ACTION ITEM:
Keep the pictures out of your copy. Transcribe the records below exactly.
——————
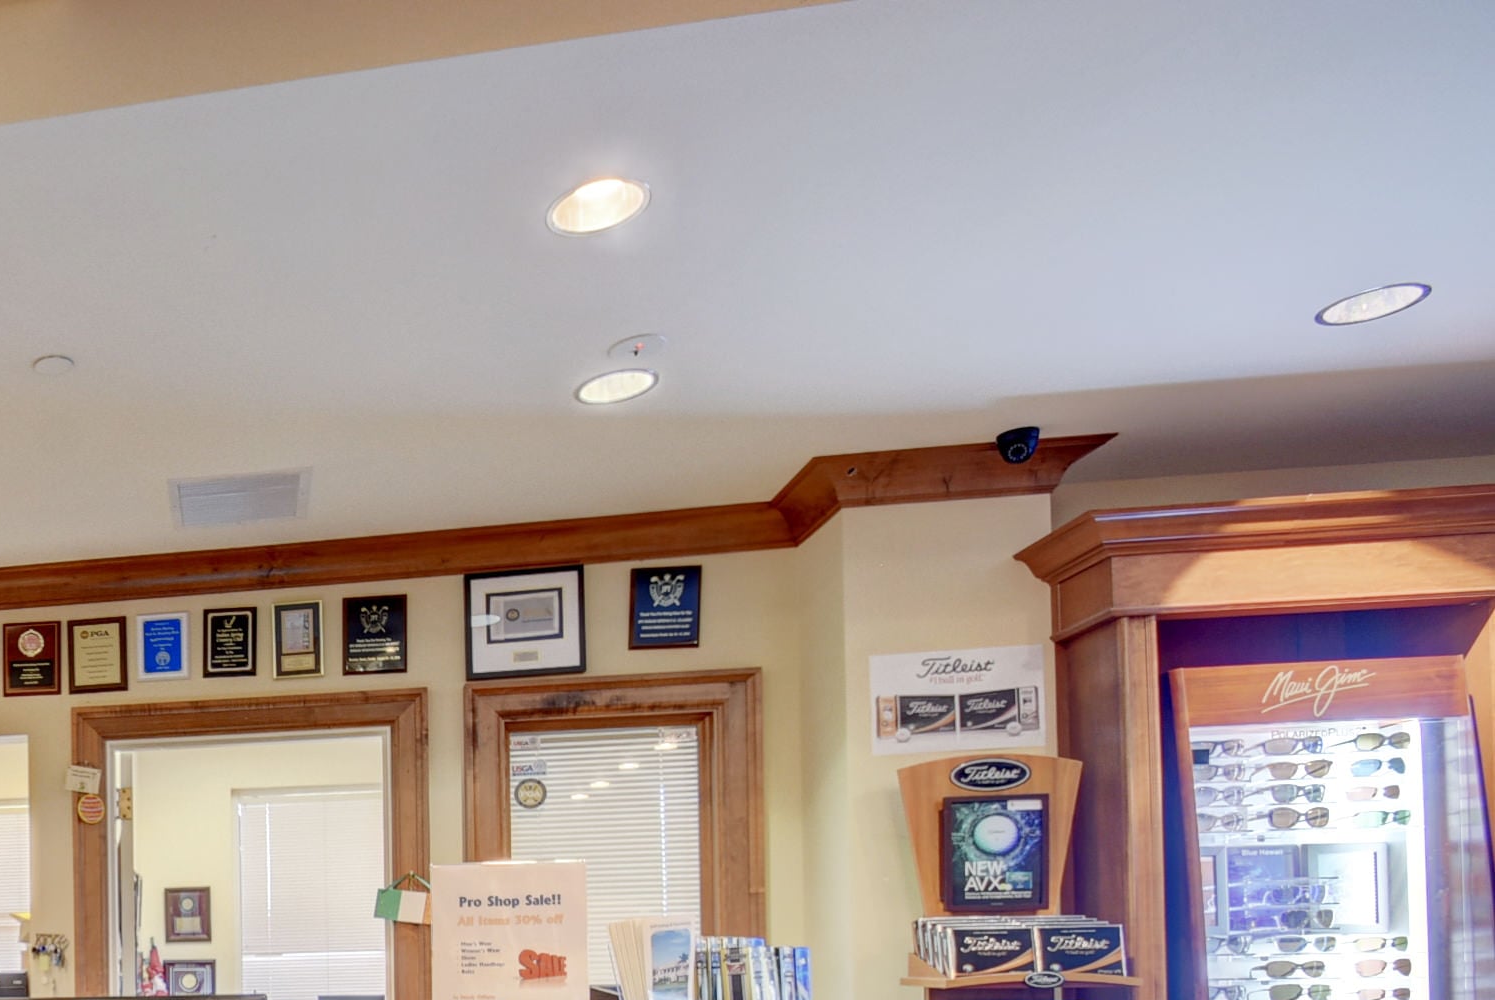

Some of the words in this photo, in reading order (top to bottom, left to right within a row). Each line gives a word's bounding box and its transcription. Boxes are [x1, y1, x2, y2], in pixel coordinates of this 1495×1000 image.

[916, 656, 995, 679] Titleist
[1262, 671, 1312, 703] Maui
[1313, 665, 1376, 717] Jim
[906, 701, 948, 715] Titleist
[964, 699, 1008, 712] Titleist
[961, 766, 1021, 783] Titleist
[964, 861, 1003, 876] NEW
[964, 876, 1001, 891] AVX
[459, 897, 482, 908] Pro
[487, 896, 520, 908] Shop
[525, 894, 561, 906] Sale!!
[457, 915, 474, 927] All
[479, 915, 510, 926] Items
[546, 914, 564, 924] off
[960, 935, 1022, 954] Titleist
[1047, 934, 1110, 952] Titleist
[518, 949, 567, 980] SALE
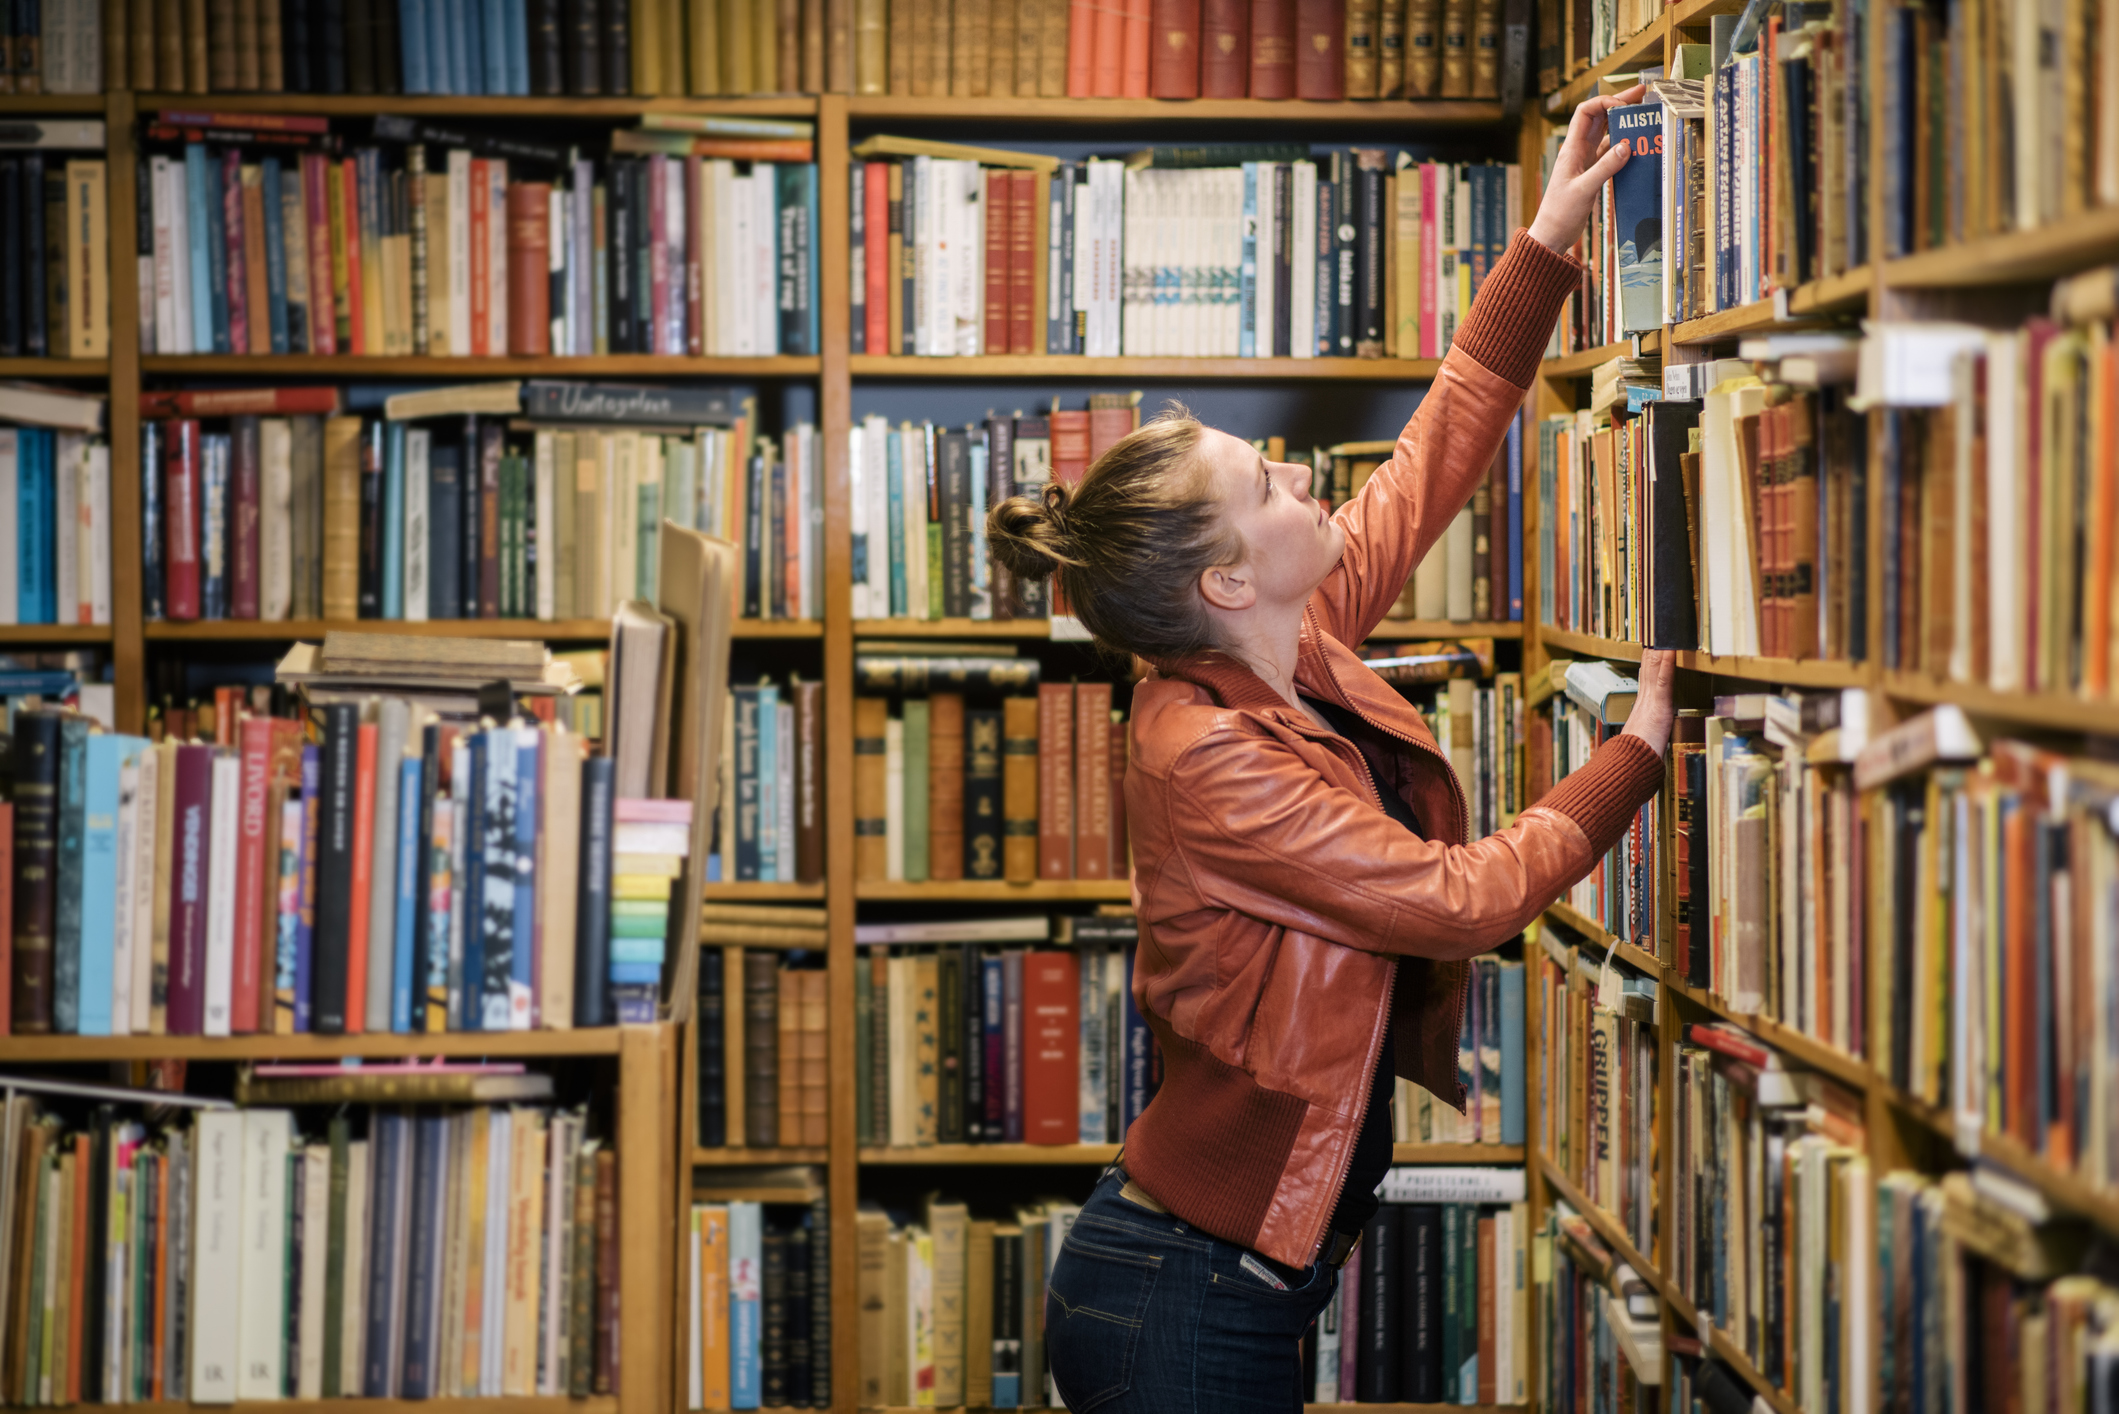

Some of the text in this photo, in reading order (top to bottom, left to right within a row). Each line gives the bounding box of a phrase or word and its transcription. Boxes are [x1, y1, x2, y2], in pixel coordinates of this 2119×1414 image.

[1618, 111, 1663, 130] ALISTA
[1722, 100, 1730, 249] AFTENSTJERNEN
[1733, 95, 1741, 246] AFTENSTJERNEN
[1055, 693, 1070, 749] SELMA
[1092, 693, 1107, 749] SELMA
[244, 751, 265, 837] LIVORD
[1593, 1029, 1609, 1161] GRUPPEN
——————
TASK OUTPUT:
Some of the words in this photo, in reading order (top to bottom, left to right within a row). Each line gives a word's bounding box and its transcription. Boxes are [x1, y1, x2, y2], in pixel coordinates of this 1495×1000 image.

[916, 656, 995, 679] Titleist
[1262, 671, 1312, 703] Maui
[1313, 665, 1376, 717] Jim
[906, 701, 948, 715] Titleist
[964, 699, 1008, 712] Titleist
[961, 766, 1021, 783] Titleist
[964, 861, 1003, 876] NEW
[964, 876, 1001, 891] AVX
[459, 897, 482, 908] Pro
[487, 896, 520, 908] Shop
[525, 894, 561, 906] Sale!!
[457, 915, 474, 927] All
[479, 915, 510, 926] Items
[546, 914, 564, 924] off
[960, 935, 1022, 954] Titleist
[1047, 934, 1110, 952] Titleist
[518, 949, 567, 980] SALE

Some of the text in this photo, in reading order (top to bottom, left to right within a row). Each line gives the bounding box of a phrase or word and its transcription. Boxes are [x1, y1, x2, y2], in pixel coordinates of this 2119×1414 image.

[1618, 111, 1663, 130] ALISTA
[1722, 100, 1730, 249] AFTENSTJERNEN
[1733, 95, 1741, 246] AFTENSTJERNEN
[1055, 693, 1070, 749] SELMA
[1092, 693, 1107, 749] SELMA
[244, 751, 265, 837] LIVORD
[1593, 1029, 1609, 1161] GRUPPEN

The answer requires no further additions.